Where do our clothes come from?

How much do we really know about how our clothes are made, where they start their life and what they go through before arriving on the shelf ready for sale?  Talking to Jess Strain on the podcast, it became clear how complex fashion supply chains are and how we consumers can only make informed choices when armed with accurate information.

Jess’s story

fashion, girl, model-2766711.jpg

Since attaining a first-class degree in Textiles at Loughborough University, Jess set up her own fashion accessories business, Ovrbloom, producing hand-made hats with the additional functionality of becoming a bag, the HatBag.  Aware of the widespread greenwashing in fashion, she has sought to be radically transparent within her business.  Jess has chosen to steer away from using sustainability as a descriptor, as all too often, businesses use it to gain consumer favour, without necessarily operating to the sentiment suggested.  She goes beyond identifying the material as organic cotton by revealing the who, how and where behind the cloth.  She also shares the associated hat costs, showing a complete breakdown.  With each HatBag, you gain all the information you need in an accessible way – no 50-page sustainability report to decipher.  For Jess, it is super important for her business to match her values, so she is wholly mindful of societal, ethical and environmental impacts relating to her hats.

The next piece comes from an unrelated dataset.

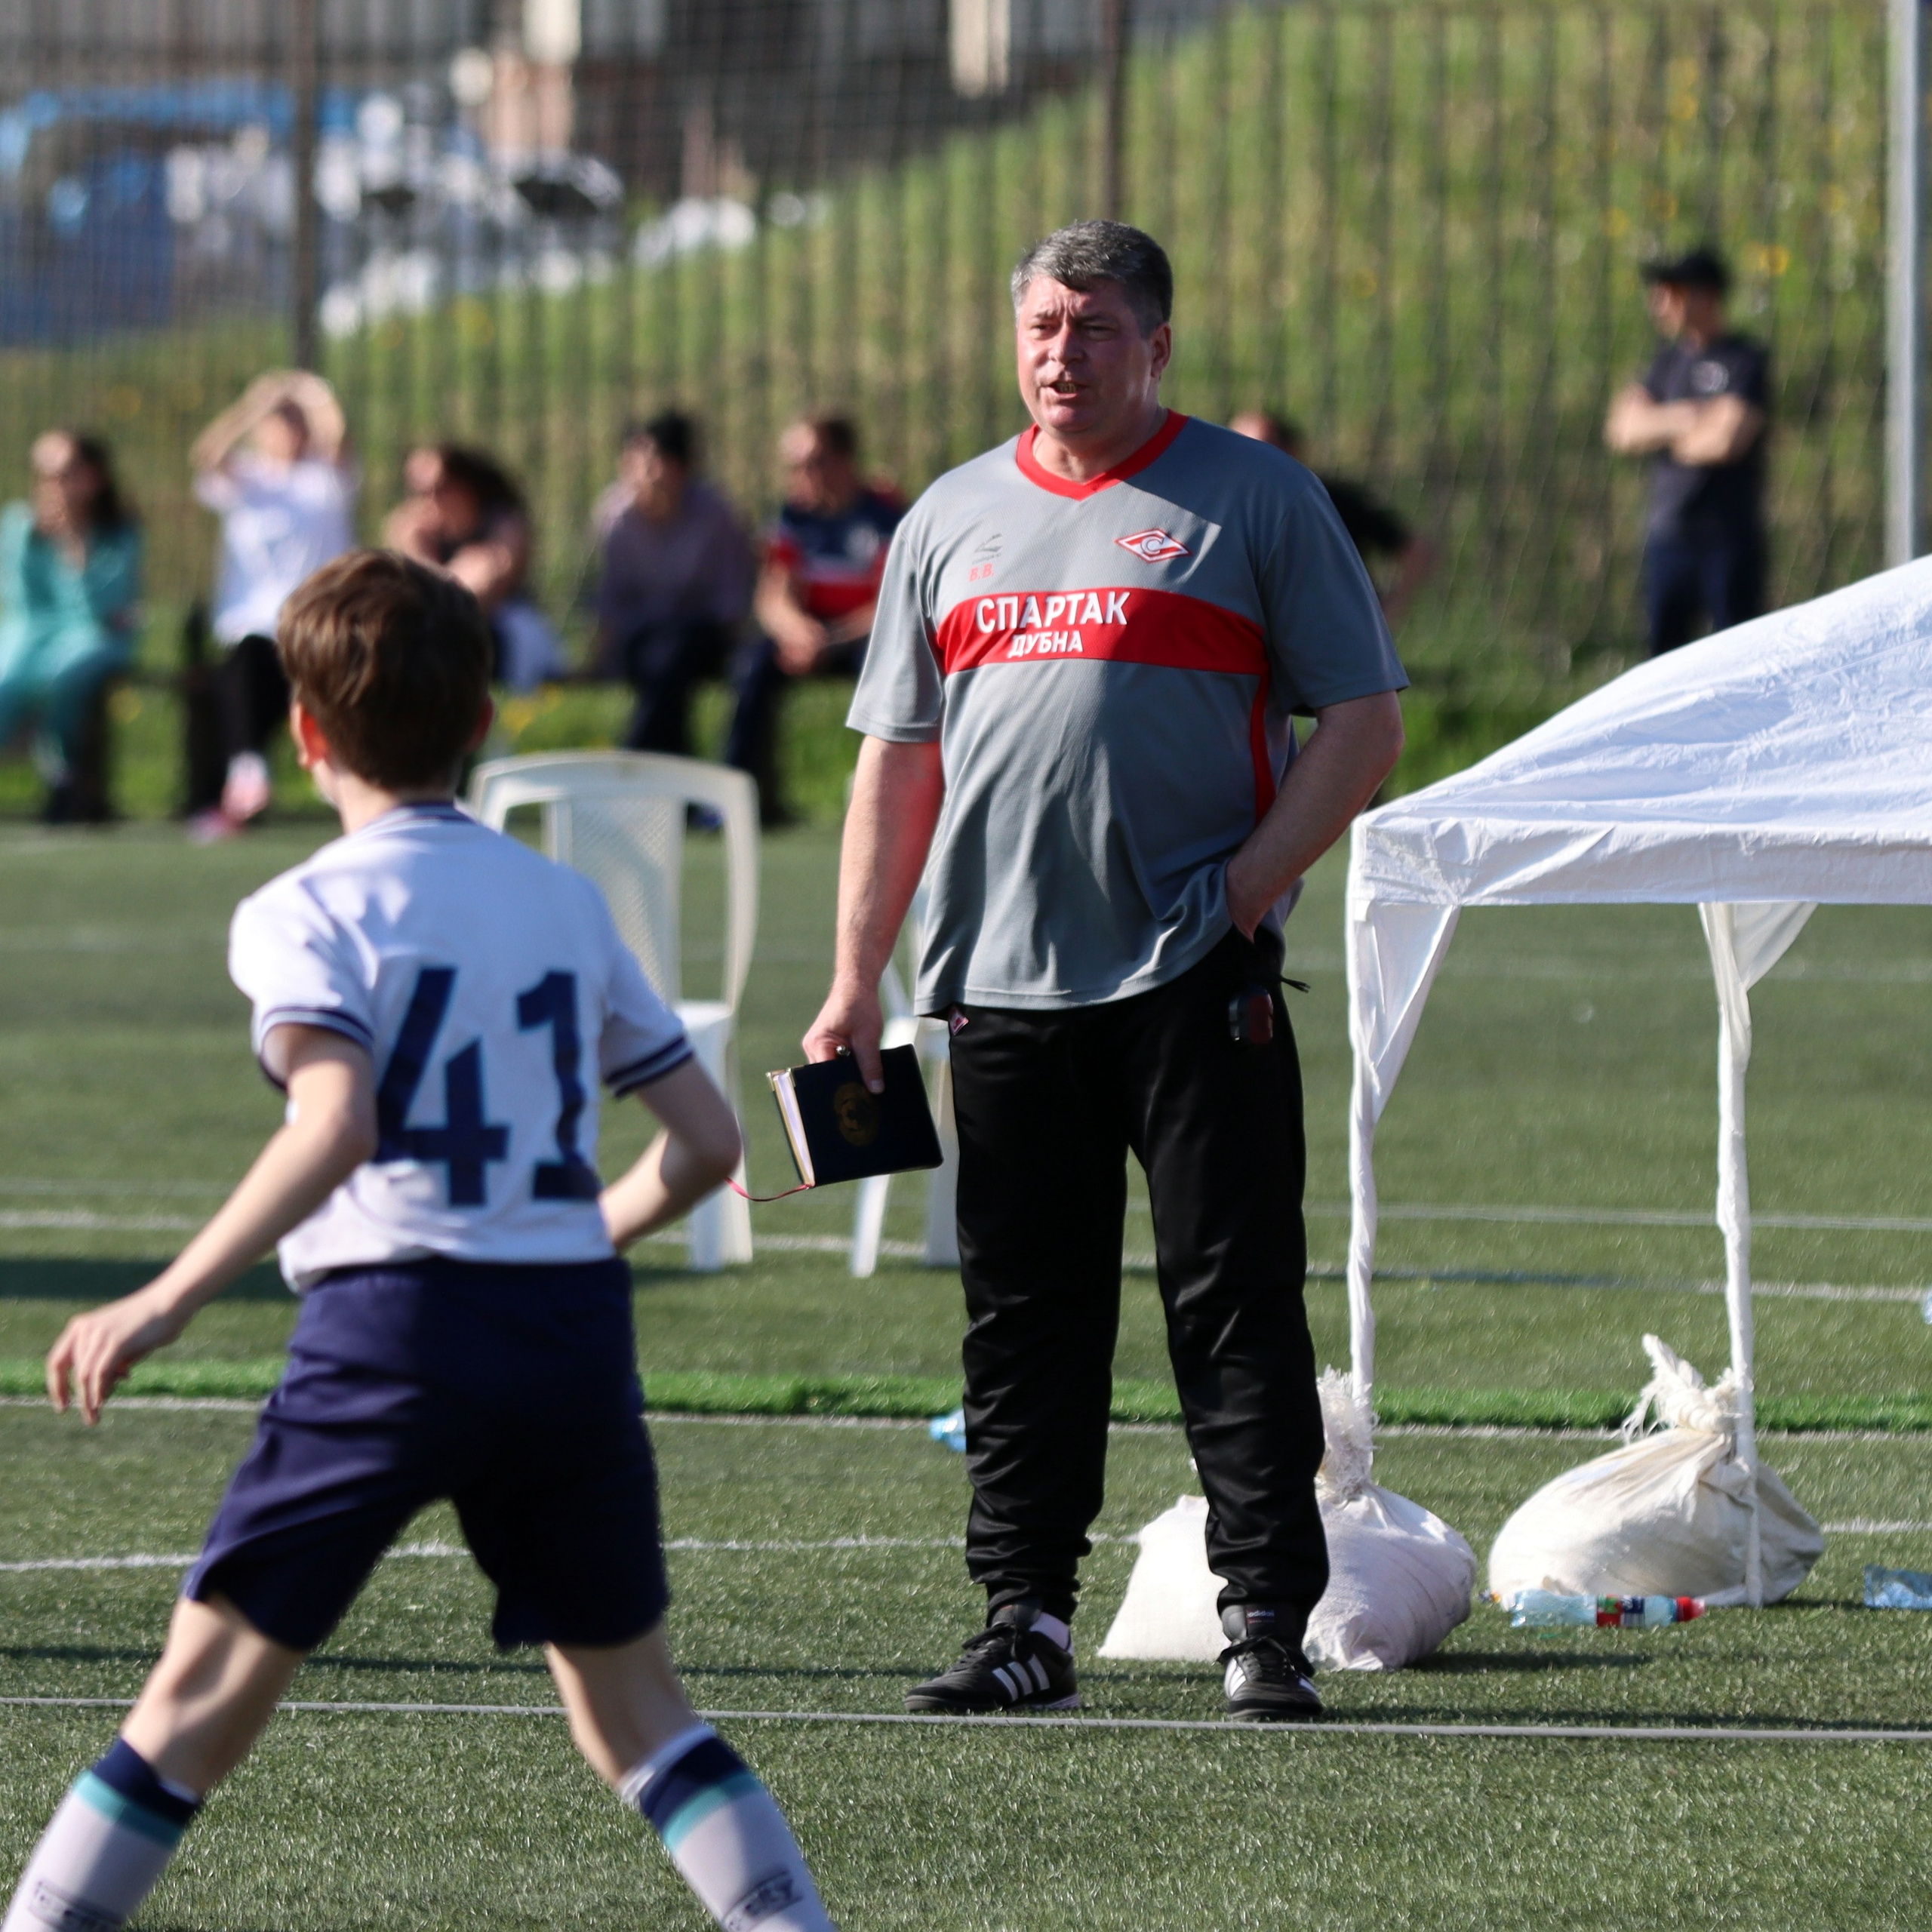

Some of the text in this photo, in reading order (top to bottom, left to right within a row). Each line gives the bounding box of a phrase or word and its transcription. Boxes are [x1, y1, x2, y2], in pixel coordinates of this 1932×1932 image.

[977, 592, 1131, 632] СПАРТАК
[1008, 632, 1083, 658] ДУБНА
[374, 966, 602, 1206] 41

Through her entrepreneurial endeavours with Ovrbloom, Jess is even more determined to instigate impact in fashion transparency; she is on a quest to make it easier to track fashion pathways from farm to shop.

The fashion supply chain

Fashion supply chains are complex – there are lengthy and labour-intensive processes within garment manufacture and involve various raw materials (crops, oil, water and chemicals).  In the example of a cotton item, the cotton plant is grown within many countries, the top three being India, China and the United States of America.  Wholesalers buy cotton from farmers, combine it and sell it to retailers, who process it into lint.  From here, it is sold on for spinning into a fibre, weaving it into a fabric and dyeing.  Further trading follows, for the finishing stage, transforming the material into a garment.  The numerous stages of fashion manufacturing can cover multiple countries and continents, and gaining details of these can be extremely tricky. 

Sustainable and ethical fashion

We want our clothes to be made in a way that respects people, places and the planet.  To this end, it would be brilliant to know details about the supply chain, for example, on:

  • Deforestation – cutting trees down to grow cotton.
  • Pesticide usage on crops.
  • Toxic chemicals in the dying process.
  • Working conditions for factory workers.
  • Factories energy supply – fossil-fuelled or renewable energy.
  • Low-carbon transport.
Cotton field

Greenwashing

However, at a time when many people are trying to decipher products manufactured with the environment in mind, some companies are seizing green credentials as an opportunity to increase sales.  Marketing eco, green and sustainable clothing needs though to reflect genuine practices.  Sustainability claims need to be substantiated, and if they cannot, then this marketing strategy is known as greenwashing.

For example, at the time of publishing this blog, a Missouri federal court is suing H&M for greenwashing.  Here, H&M is promoting the idea that their premium-priced Conscious Choice clothing is sustainable as it is recyclable.  This inference is highly problematic, as for starters, many items may indeed be recyclable in theory but in practice are not.  Sustainability should consider the judicious use of raw materials, and any brand/system promoting an inexhaustible supply is counter to its authenticity.

Transparency across the fashion business

Fashion supply chain transparency is needed to eliminate greenwashing and allow consumers access to product information in an easy-to-digest format, including information on suppliers, factories, materials, and partnerships.  Currently, many brands don’t know or don’t share the details of their manufacturing process.  This lack of clarity needs to change.  It’s not good enough for a brand to only manage the finishing part of the garment within the supply chain; the whole process needs covering.

It is absolutely vital to improve transparency across the fashion business.  I’m guessing when brands start stepping up and marketing real sustainability, then others will follow.  Consumers will become more discerning and demand easily accessible data on their clothes – it will not be enough to say you are sustainable; it will have to be clearly demonstrated.